Despite the legal victory, CSICOP in early 1995 had yet to receive any money from Geller. It appeared the organization would have to expend still more legal resources in an attempt to recover the monetary sanctions. The committee had been saved from financial ruin only by supporters’ and subscribers’ contributions to a Legal Defense Fund it had set up to help pay for the costs of defending itself against the suits. Randi, with a series of his own victories, continued his legal fights with Geller, but they had cost him dearly. A private James Randi Legal Defense Fund had helped pay some of his legal costs, but he had nevertheless suffered terribly both financially and otherwise.


After years in a less than desirable location in Buffalo, N.Y., CSICOP in 1992 finally occupied permanent quarters in suburban Amherst, N.Y., across from the campus of SUNY-Buffalo where it was founded. CSICOP made plans to celebrate its twentieth anniversary there in 1996. In recent years, CSICOP has been carrying out a capital campaign to modernize an existing building on the new site and erect a new one to bring a sense of permanence and long-term stability to an organization of which Paul Kurtz said at its founding, “We don’t know how large our committee will become or how ambitious its efforts will be.”

Kurtz wrote recently in the Skeptical Inquirer (January-February 1995): “When CSICOP was founded 18 years ago, little did we imagine that it would receive such a positive reception from thoughtful persons in the scientific community and elsewhere who were skeptical of psychic phenomena, astrology, ufology, homeopathy, and the newer, bizarre beliefs of the New Age. Nor did we imagine that paranormal claims would continue to proliferate throughout the world….Thank you…for helping make the Skeptical Inquirer and CSICOP so relevant and vital.”

In his recent book The New Skepticism (Prometheus 1992) and a Skeptical Inquirer essay by the same title (18:139, Winter 1994), Paul Kurtz contrasted pragmatic “skeptical inquiry” or what he called the new skepticism with other forms of skepticism. “A key difference between this and earlier forms of skepticism is that it is positive and constructive.

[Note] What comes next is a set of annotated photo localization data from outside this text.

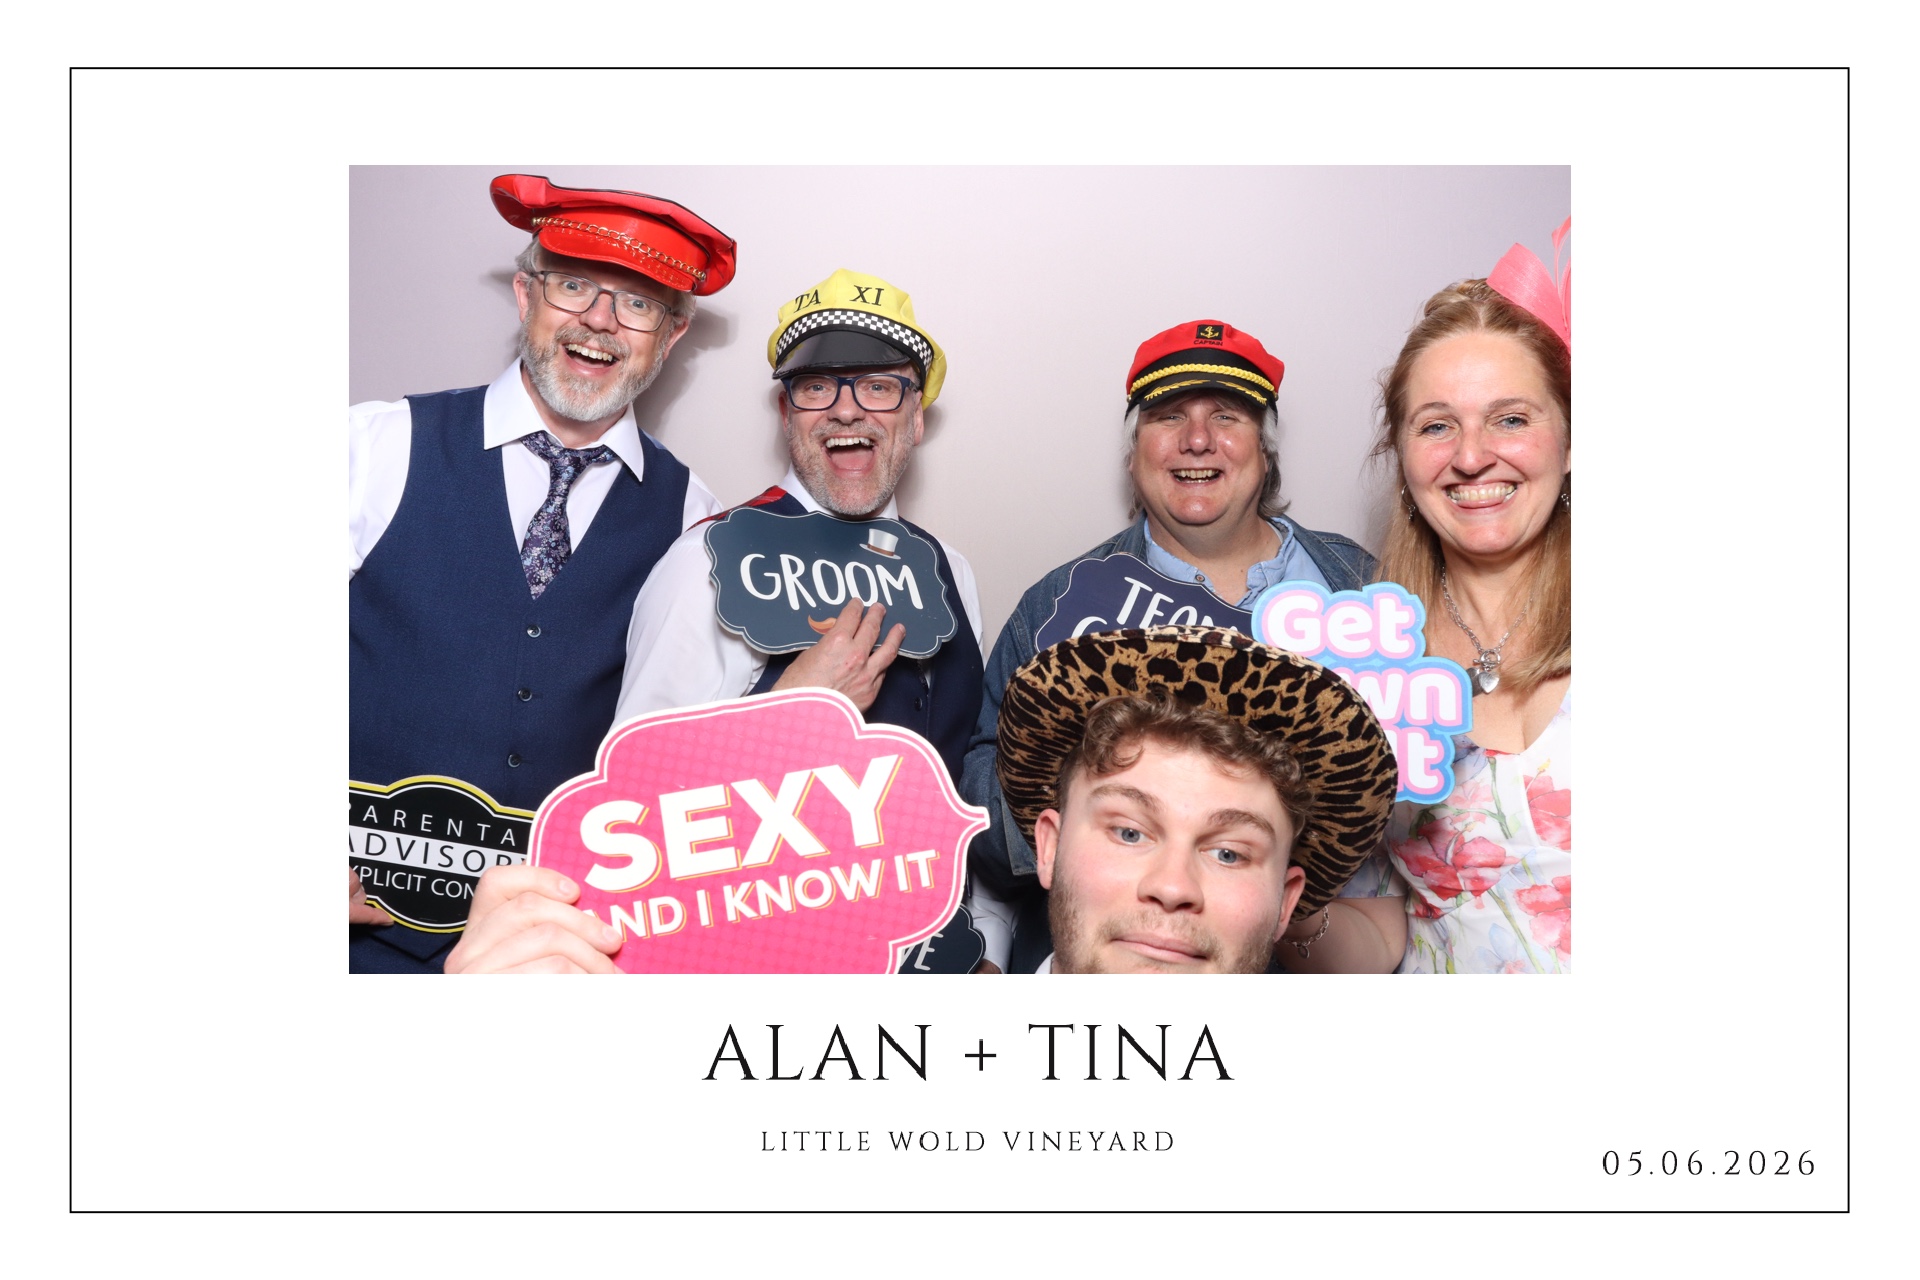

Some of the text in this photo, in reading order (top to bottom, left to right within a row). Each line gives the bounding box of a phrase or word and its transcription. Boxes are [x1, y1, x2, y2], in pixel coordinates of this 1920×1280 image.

[1193, 339, 1224, 347] CAPTAIN
[740, 553, 923, 610] GROOM
[1116, 576, 1239, 631] TE
[1265, 595, 1411, 653] Get
[1341, 673, 1456, 721] wn
[1383, 730, 1438, 789] t
[349, 802, 515, 847] ARENTA
[580, 754, 904, 893] SEXY
[349, 832, 525, 873] DVISO
[352, 865, 427, 892] PLICIT
[582, 849, 940, 942] ND I KNOW IT
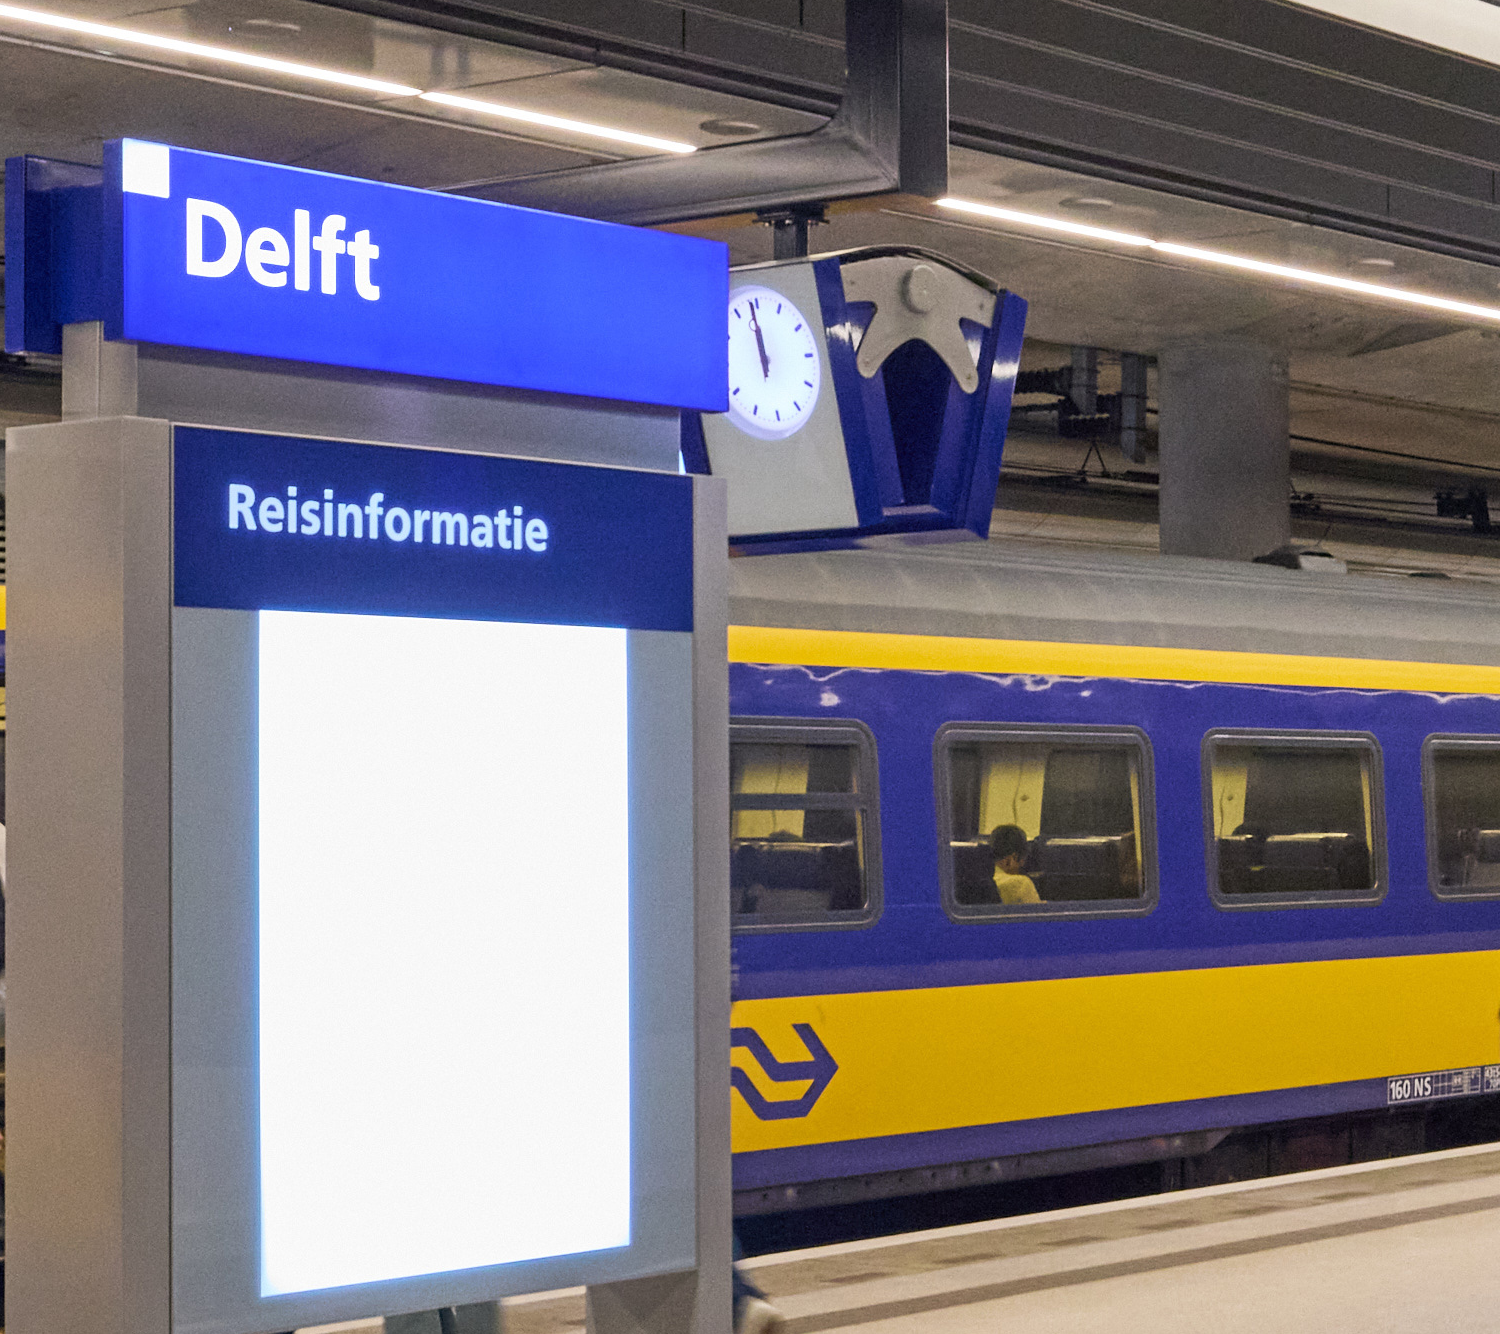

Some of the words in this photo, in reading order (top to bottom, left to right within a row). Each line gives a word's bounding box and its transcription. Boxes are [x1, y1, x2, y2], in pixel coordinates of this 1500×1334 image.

[184, 197, 381, 303] Delft
[227, 482, 550, 555] Reisinformatie
[1389, 1080, 1412, 1100] 160
[1414, 1076, 1432, 1097] NS
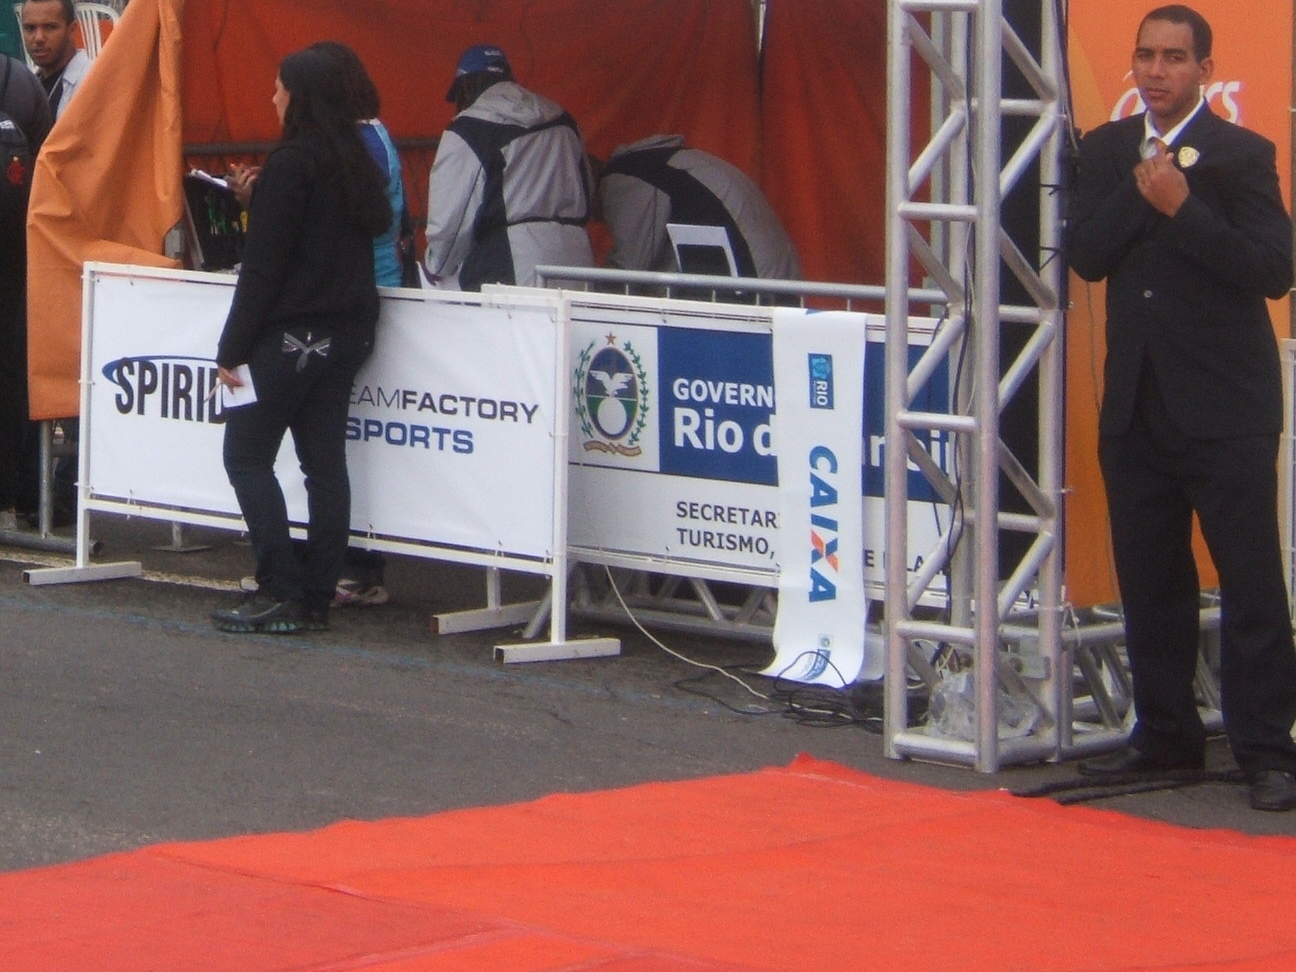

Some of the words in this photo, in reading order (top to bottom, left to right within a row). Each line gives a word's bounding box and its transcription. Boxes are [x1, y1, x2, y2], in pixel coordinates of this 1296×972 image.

[114, 356, 227, 425] SPIRID
[351, 384, 540, 424] AMFACTORY
[672, 377, 773, 408] GOVERN
[816, 379, 829, 406] RIO
[346, 417, 474, 454] SPORTS
[673, 406, 744, 454] Rio
[676, 500, 781, 529] SECRETAR
[808, 445, 840, 603] CAIXA
[676, 527, 775, 559] TURISMO,
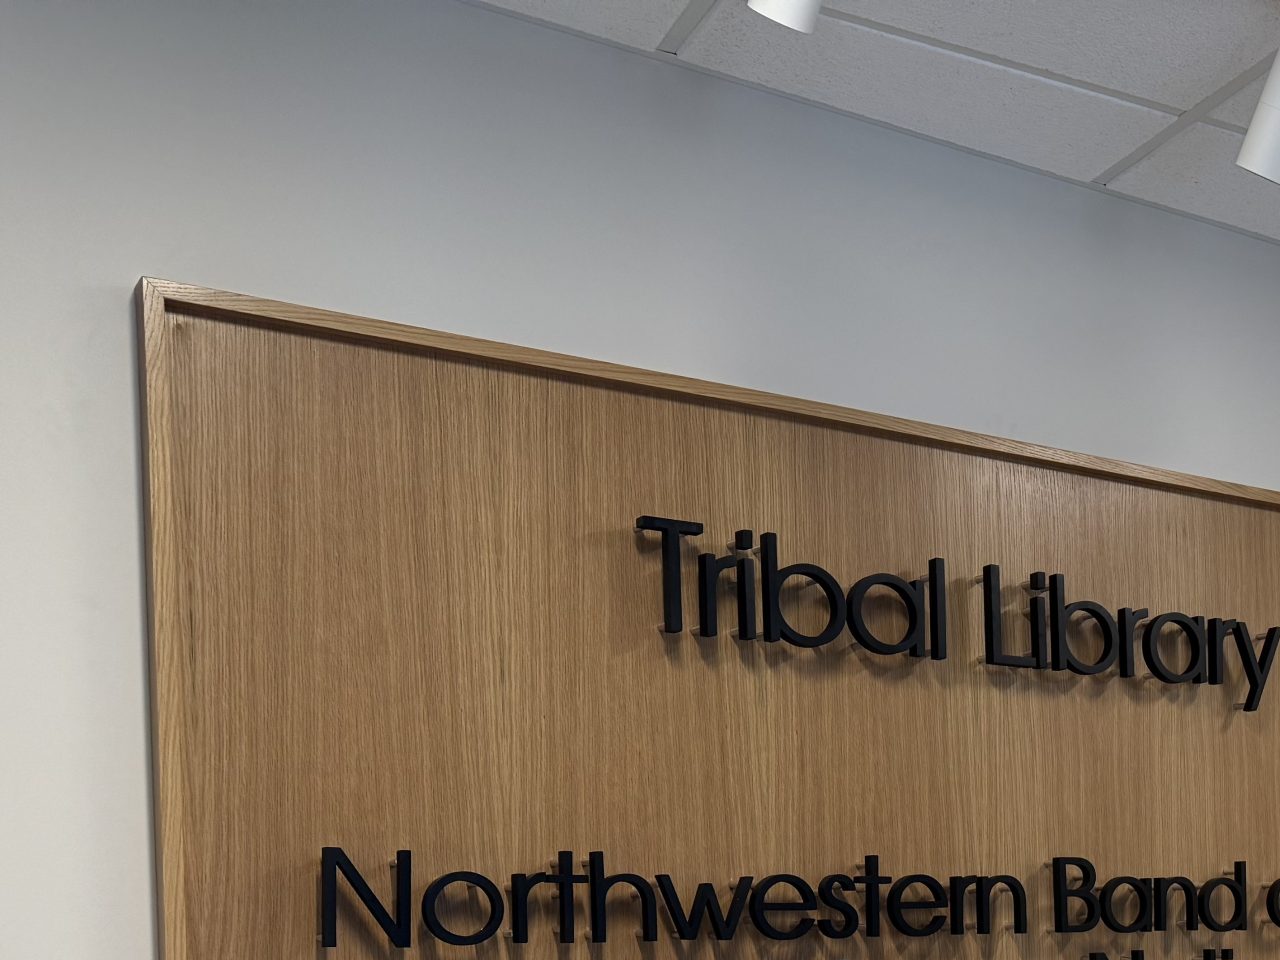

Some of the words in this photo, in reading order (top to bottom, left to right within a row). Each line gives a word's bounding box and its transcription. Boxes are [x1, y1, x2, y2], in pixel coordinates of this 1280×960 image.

It involves the transformation of the negative critical analysis of the claims to knowledge into a positive contribution to the growth and development of skeptical inquiry. . . .This skepticism is not total, but is limited to the context under inquiry.” He called for its application to many areas, not just the formal sciences. And he called upon investigators always to be open-minded about new possibilities, “always be willing to question or overturn even the most well-established principles in light of further inquiry.” The “new skepticism” may well serve as a philosophical guide for the committee’s future course.

In his keynote address to the 1994 CSICOP conference (published in the Skeptical Inquirer as “Wonder and Skepticism,” 19(1):24-30, January-February 1995), CSICOP Fellow Carl Sagan gave a ringing endorsement of the positive virtues of scientific skepticism. “Why is it so successful?” he asked. “Science has built in error-correcting mechanisms…There are no forbidden questions. Arguments from authority are worthless. Claims must be demonstrated. Ad hominem arguments…are irrelevant….Our preferences do not determine what’s true. We have a method, and that method helps us to reach not absolute truth, only asymptotic approaches to the truth—never there, just closer and closer, always finding vast new oceans of undiscovered possibilities.” And he warned fellow skeptics against an “Us vs. Them” polarization—“the sense that we have a monopoly on the truth….This is nonconstructive. It does not get our message across.” He called instead for acknowledging “the human roots of pseudoscience and superstition” and noting “that the society has arranged things so that science is not well taught.” He said what’s necessary is “a judicious mix” of “almost complete openness to new ideas” and “the most vigorous and uncompromising skepticism.” Skeptical questioning, he said, “is the affordable price we pay for having the benefits of so powerful a tool as science.”